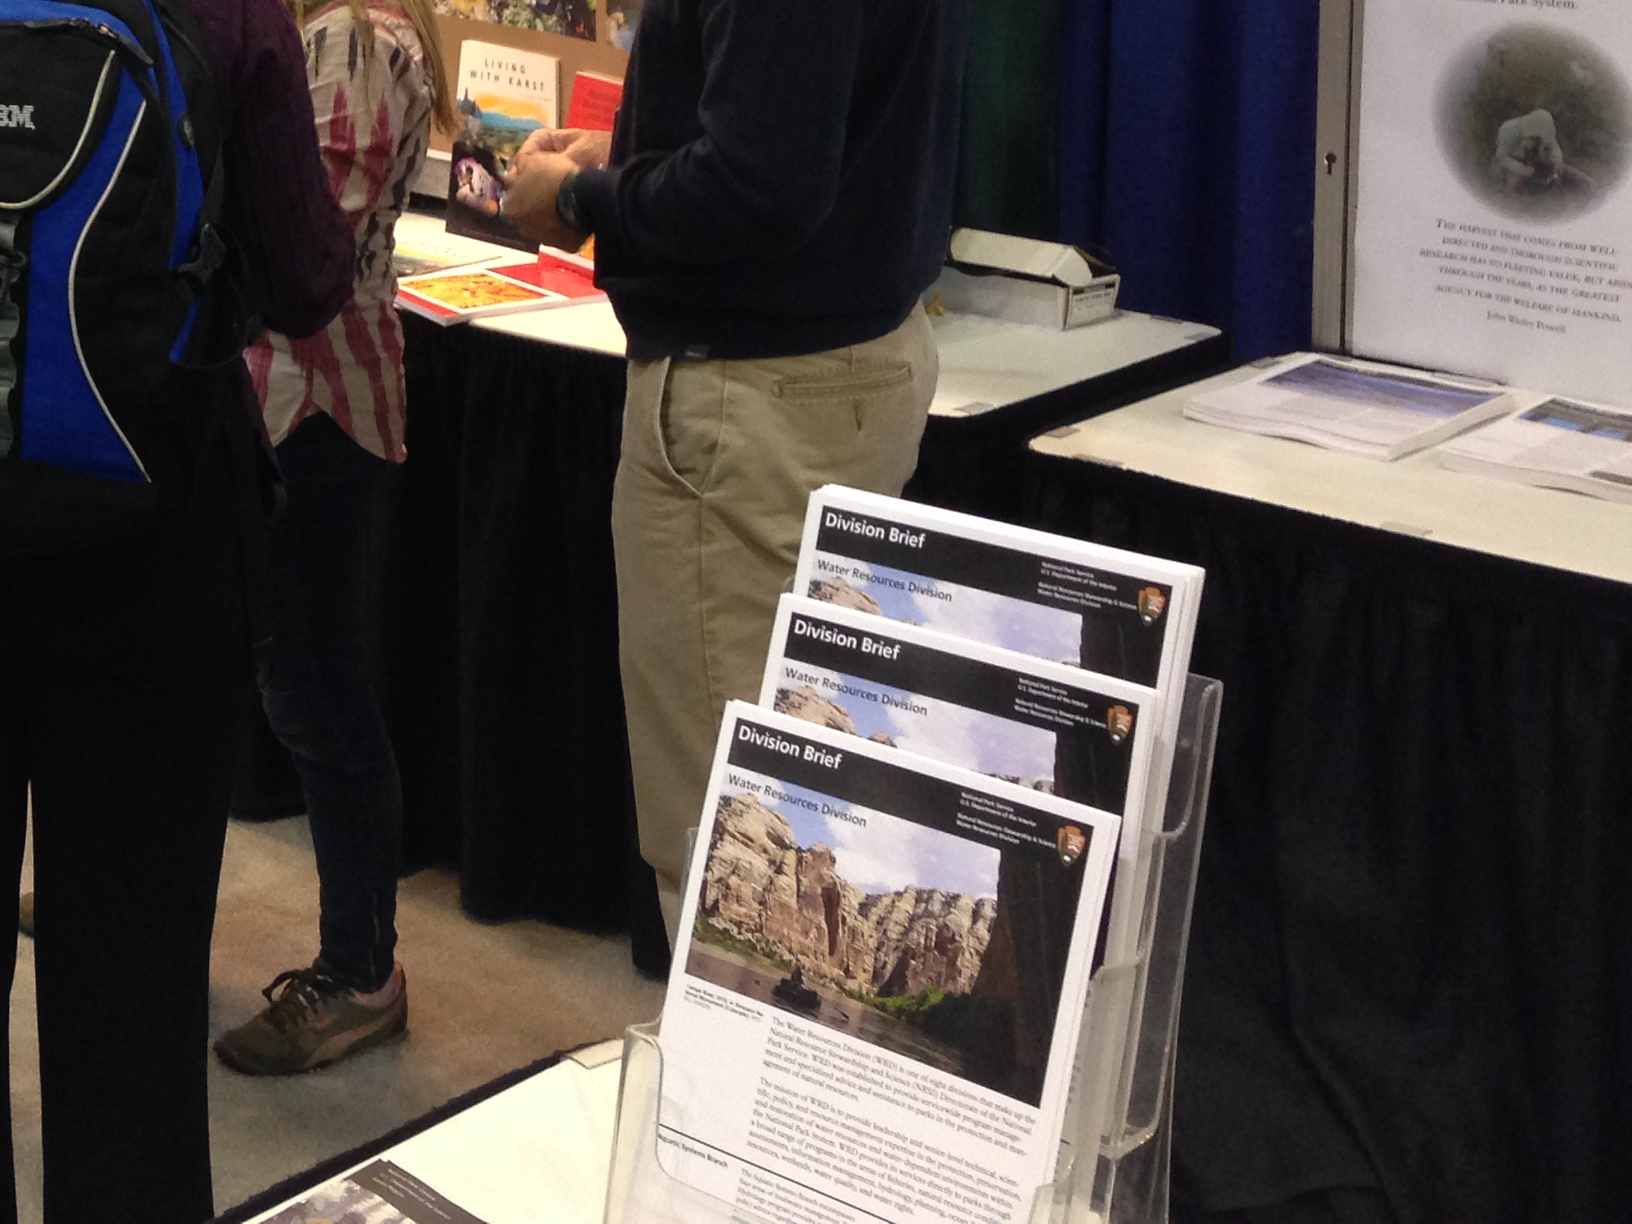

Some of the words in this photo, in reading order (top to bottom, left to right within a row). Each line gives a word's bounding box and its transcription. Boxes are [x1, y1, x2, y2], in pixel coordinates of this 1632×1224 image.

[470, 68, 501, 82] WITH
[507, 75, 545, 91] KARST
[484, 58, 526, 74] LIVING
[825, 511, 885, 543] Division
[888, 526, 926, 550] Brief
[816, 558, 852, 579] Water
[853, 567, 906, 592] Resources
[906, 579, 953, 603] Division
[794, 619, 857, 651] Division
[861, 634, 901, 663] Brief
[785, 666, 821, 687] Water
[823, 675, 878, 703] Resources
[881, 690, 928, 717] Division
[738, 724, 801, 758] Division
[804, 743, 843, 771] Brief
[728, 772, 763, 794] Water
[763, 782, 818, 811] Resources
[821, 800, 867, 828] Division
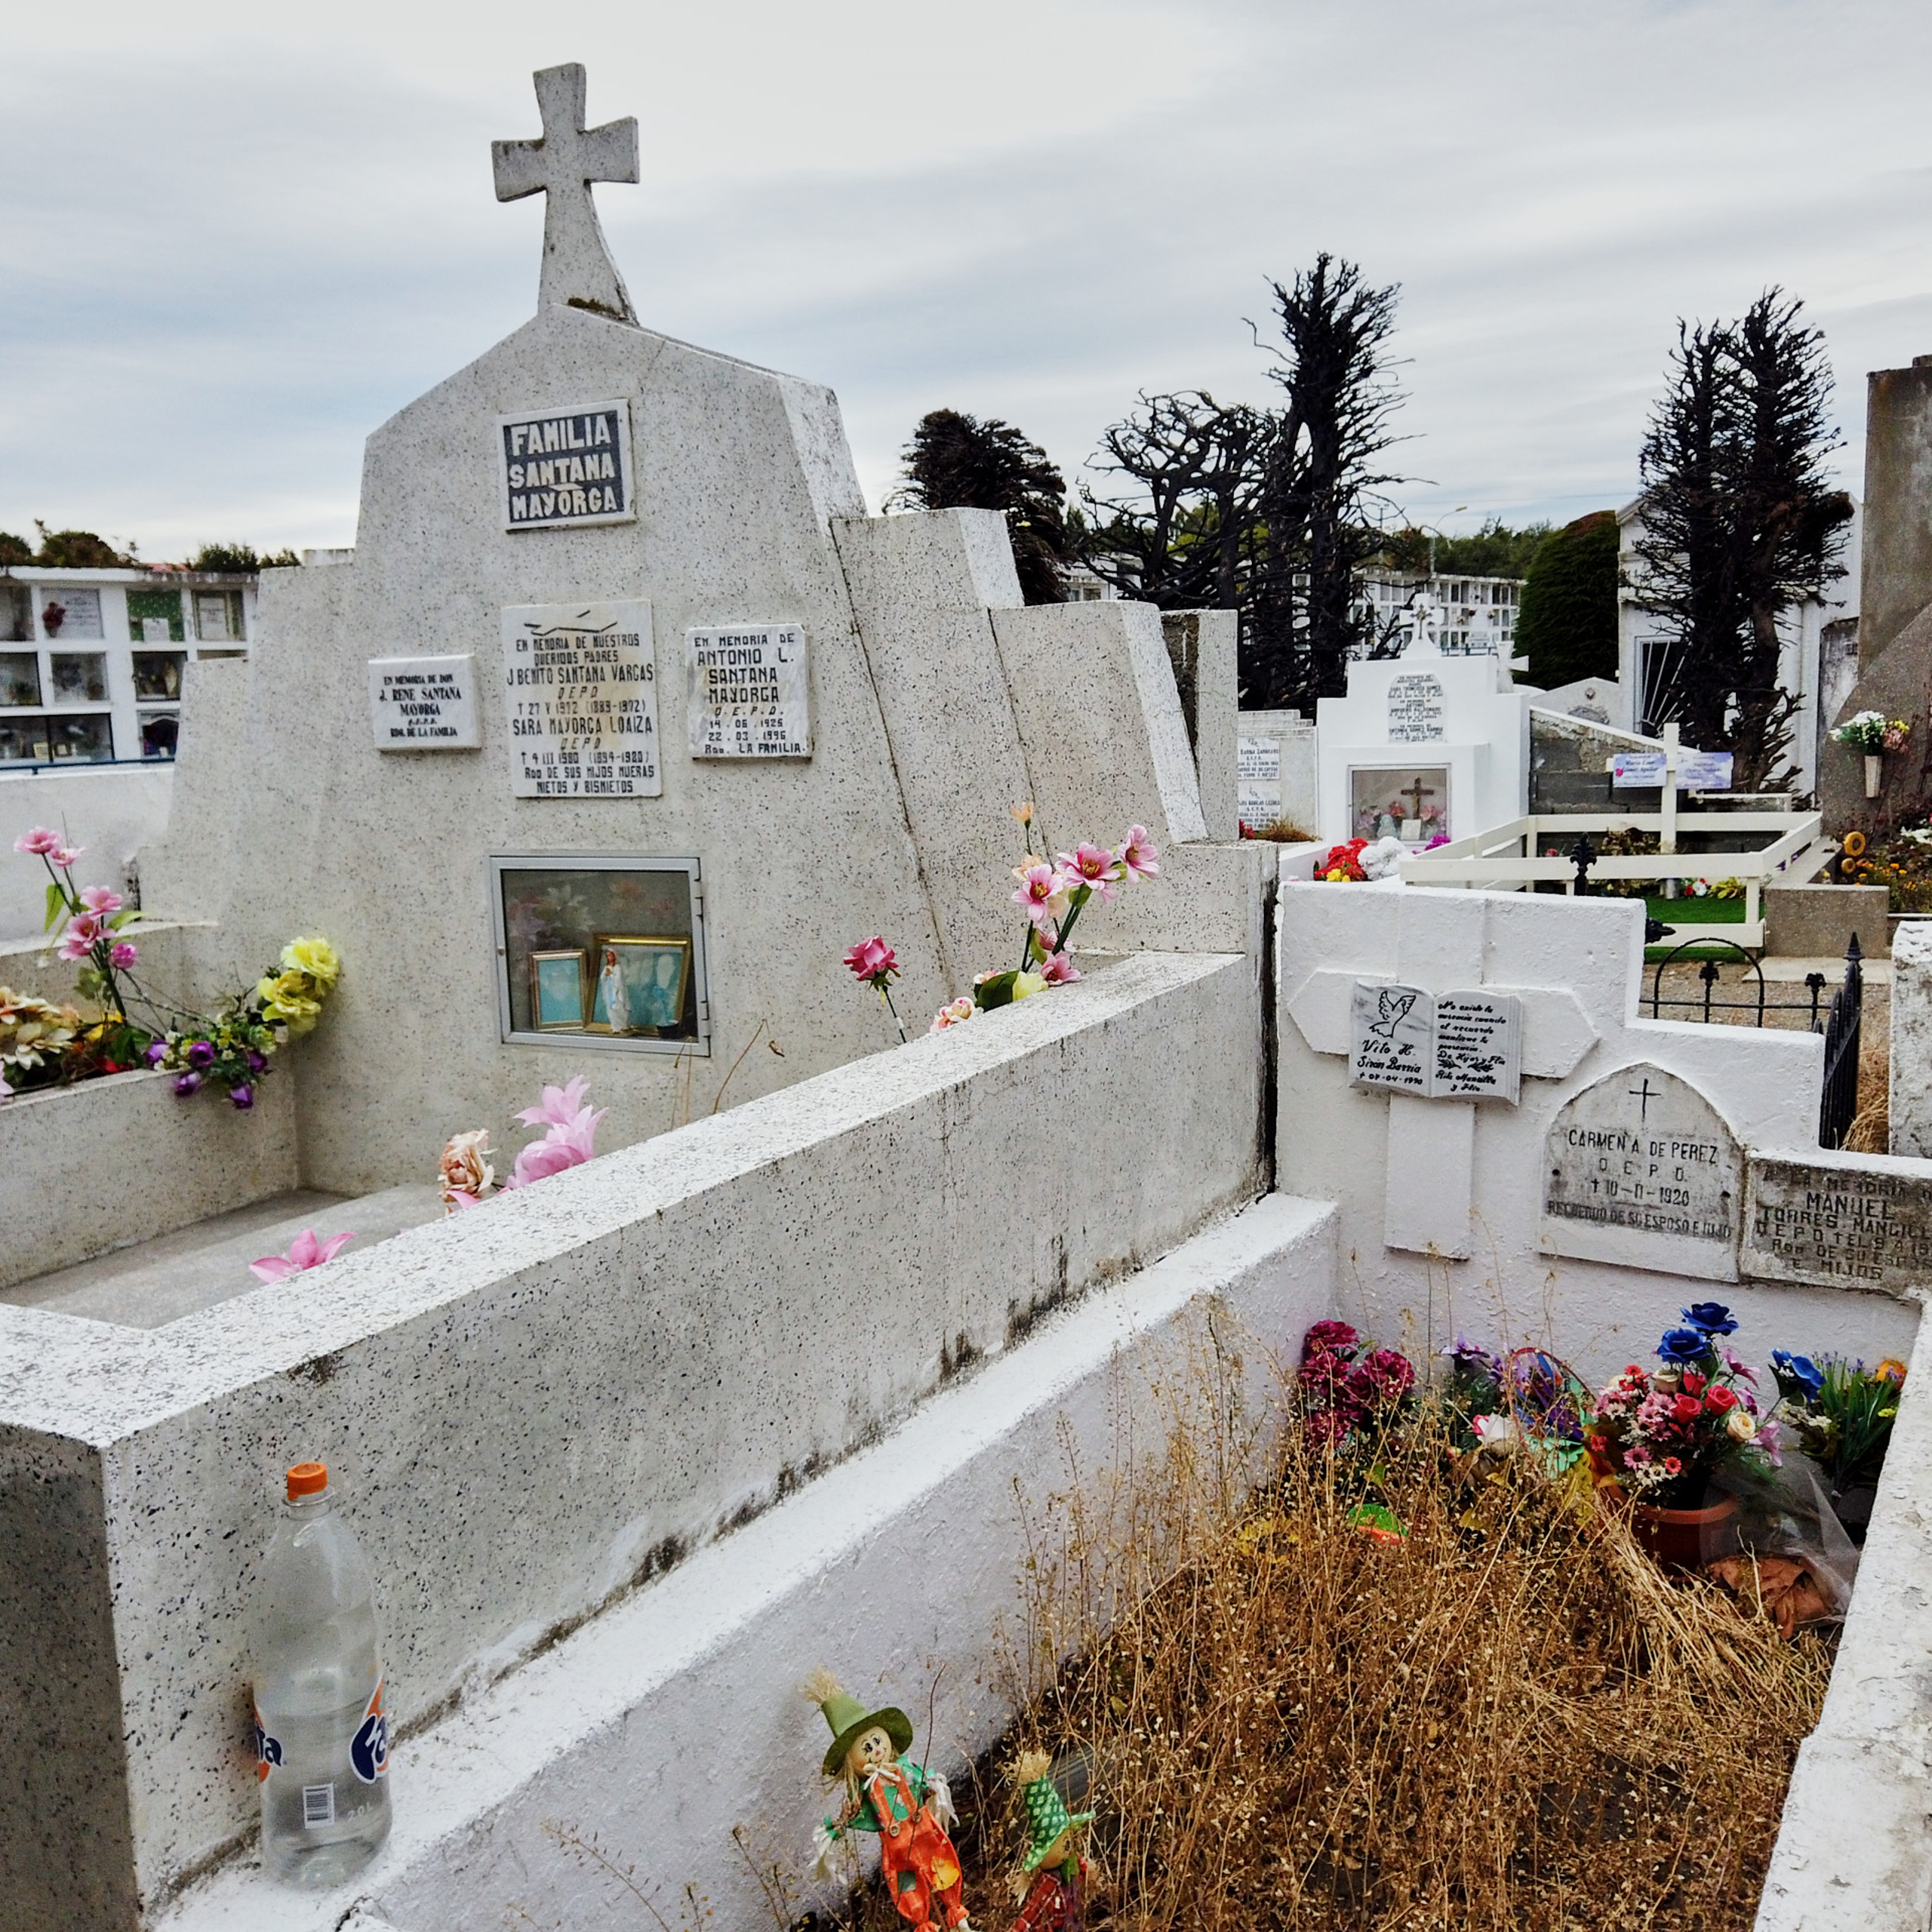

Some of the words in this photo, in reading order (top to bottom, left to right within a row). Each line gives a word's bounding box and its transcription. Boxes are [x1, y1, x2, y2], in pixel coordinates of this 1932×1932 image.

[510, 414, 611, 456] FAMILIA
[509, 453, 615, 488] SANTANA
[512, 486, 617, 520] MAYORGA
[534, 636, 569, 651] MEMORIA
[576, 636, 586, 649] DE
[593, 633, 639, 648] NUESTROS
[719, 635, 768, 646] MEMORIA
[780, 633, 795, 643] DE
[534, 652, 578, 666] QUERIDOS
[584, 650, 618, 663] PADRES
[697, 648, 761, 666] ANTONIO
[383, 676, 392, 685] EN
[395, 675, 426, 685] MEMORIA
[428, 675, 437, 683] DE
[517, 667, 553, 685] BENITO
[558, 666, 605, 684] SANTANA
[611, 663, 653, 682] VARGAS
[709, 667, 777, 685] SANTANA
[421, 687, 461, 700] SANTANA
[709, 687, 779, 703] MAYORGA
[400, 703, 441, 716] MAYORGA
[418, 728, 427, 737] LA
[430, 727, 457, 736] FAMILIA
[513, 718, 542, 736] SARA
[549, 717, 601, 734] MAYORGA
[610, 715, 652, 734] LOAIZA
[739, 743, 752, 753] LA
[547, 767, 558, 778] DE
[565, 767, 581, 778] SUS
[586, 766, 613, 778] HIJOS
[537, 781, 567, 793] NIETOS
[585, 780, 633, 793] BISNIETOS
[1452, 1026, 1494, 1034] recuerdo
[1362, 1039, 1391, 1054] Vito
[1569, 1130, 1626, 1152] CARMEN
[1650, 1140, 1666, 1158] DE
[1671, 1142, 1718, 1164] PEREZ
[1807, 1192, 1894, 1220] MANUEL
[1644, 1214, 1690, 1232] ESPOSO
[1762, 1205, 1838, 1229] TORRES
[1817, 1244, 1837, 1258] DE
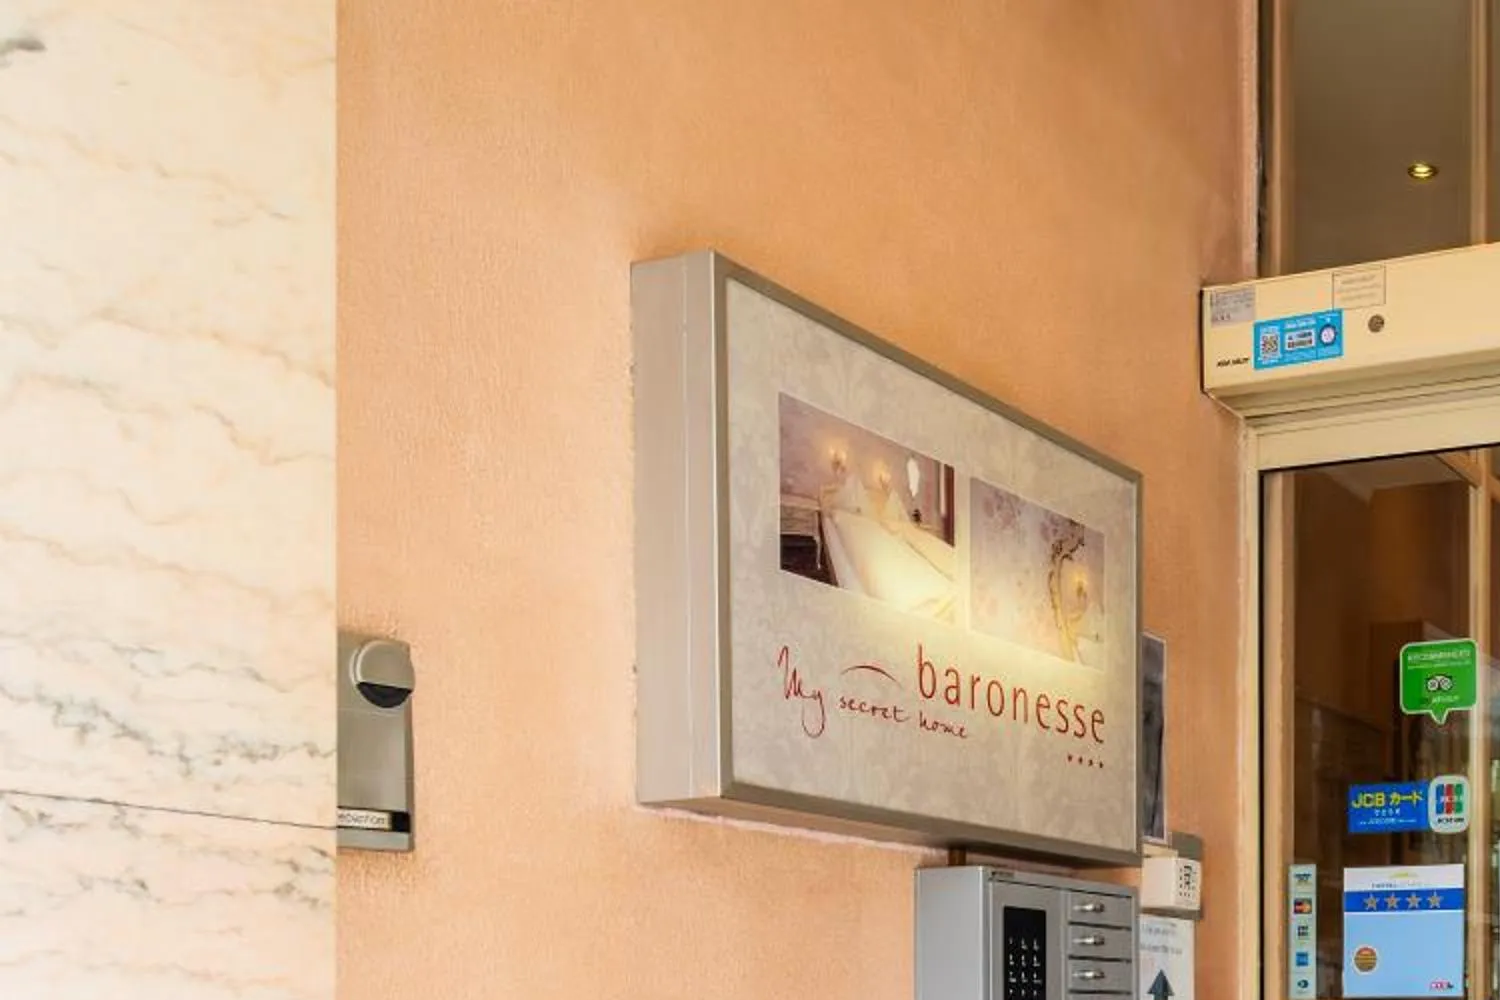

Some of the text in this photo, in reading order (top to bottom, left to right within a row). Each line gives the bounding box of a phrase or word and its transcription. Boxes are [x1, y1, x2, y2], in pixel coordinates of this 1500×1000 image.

──────

● **ACTIVITY**: With the pictures left out, write out all of the data exactly.

● **EXERCISE OUTPUT**:
Some of the words in this photo, in reading order (top to bottom, left to right within a row). Each line gives a word's bounding box and its transcription. Boxes are [x1, y1, x2, y2], in pixel coordinates of this 1632×1224 image.

[470, 68, 501, 82] WITH
[507, 75, 545, 91] KARST
[484, 58, 526, 74] LIVING
[825, 511, 885, 543] Division
[888, 526, 926, 550] Brief
[816, 558, 852, 579] Water
[853, 567, 906, 592] Resources
[906, 579, 953, 603] Division
[794, 619, 857, 651] Division
[861, 634, 901, 663] Brief
[785, 666, 821, 687] Water
[823, 675, 878, 703] Resources
[881, 690, 928, 717] Division
[738, 724, 801, 758] Division
[804, 743, 843, 771] Brief
[728, 772, 763, 794] Water
[763, 782, 818, 811] Resources
[821, 800, 867, 828] Division

Some of the words in this photo, in reading order (top to bottom, left to right within a row). Each line gives a word's bounding box and its transcription. Boxes are [x1, y1, x2, y2], in pixel coordinates of this 1932×1932 image.

[510, 414, 611, 456] FAMILIA
[509, 453, 615, 488] SANTANA
[512, 486, 617, 520] MAYORGA
[534, 636, 569, 651] MEMORIA
[576, 636, 586, 649] DE
[593, 633, 639, 648] NUESTROS
[719, 635, 768, 646] MEMORIA
[780, 633, 795, 643] DE
[534, 652, 578, 666] QUERIDOS
[584, 650, 618, 663] PADRES
[697, 648, 761, 666] ANTONIO
[383, 676, 392, 685] EN
[395, 675, 426, 685] MEMORIA
[428, 675, 437, 683] DE
[517, 667, 553, 685] BENITO
[558, 666, 605, 684] SANTANA
[611, 663, 653, 682] VARGAS
[709, 667, 777, 685] SANTANA
[421, 687, 461, 700] SANTANA
[709, 687, 779, 703] MAYORGA
[400, 703, 441, 716] MAYORGA
[418, 728, 427, 737] LA
[430, 727, 457, 736] FAMILIA
[513, 718, 542, 736] SARA
[549, 717, 601, 734] MAYORGA
[610, 715, 652, 734] LOAIZA
[739, 743, 752, 753] LA
[547, 767, 558, 778] DE
[565, 767, 581, 778] SUS
[586, 766, 613, 778] HIJOS
[537, 781, 567, 793] NIETOS
[585, 780, 633, 793] BISNIETOS
[1452, 1026, 1494, 1034] recuerdo
[1362, 1039, 1391, 1054] Vito
[1569, 1130, 1626, 1152] CARMEN
[1650, 1140, 1666, 1158] DE
[1671, 1142, 1718, 1164] PEREZ
[1807, 1192, 1894, 1220] MANUEL
[1644, 1214, 1690, 1232] ESPOSO
[1762, 1205, 1838, 1229] TORRES
[1817, 1244, 1837, 1258] DE

Some of the text in this photo, in reading order (top to bottom, left to right within a row). Each line gives the bounding box of a phrase or word and its transcription. Boxes are [x1, y1, x2, y2], in pixel coordinates of this 1500×1000 image.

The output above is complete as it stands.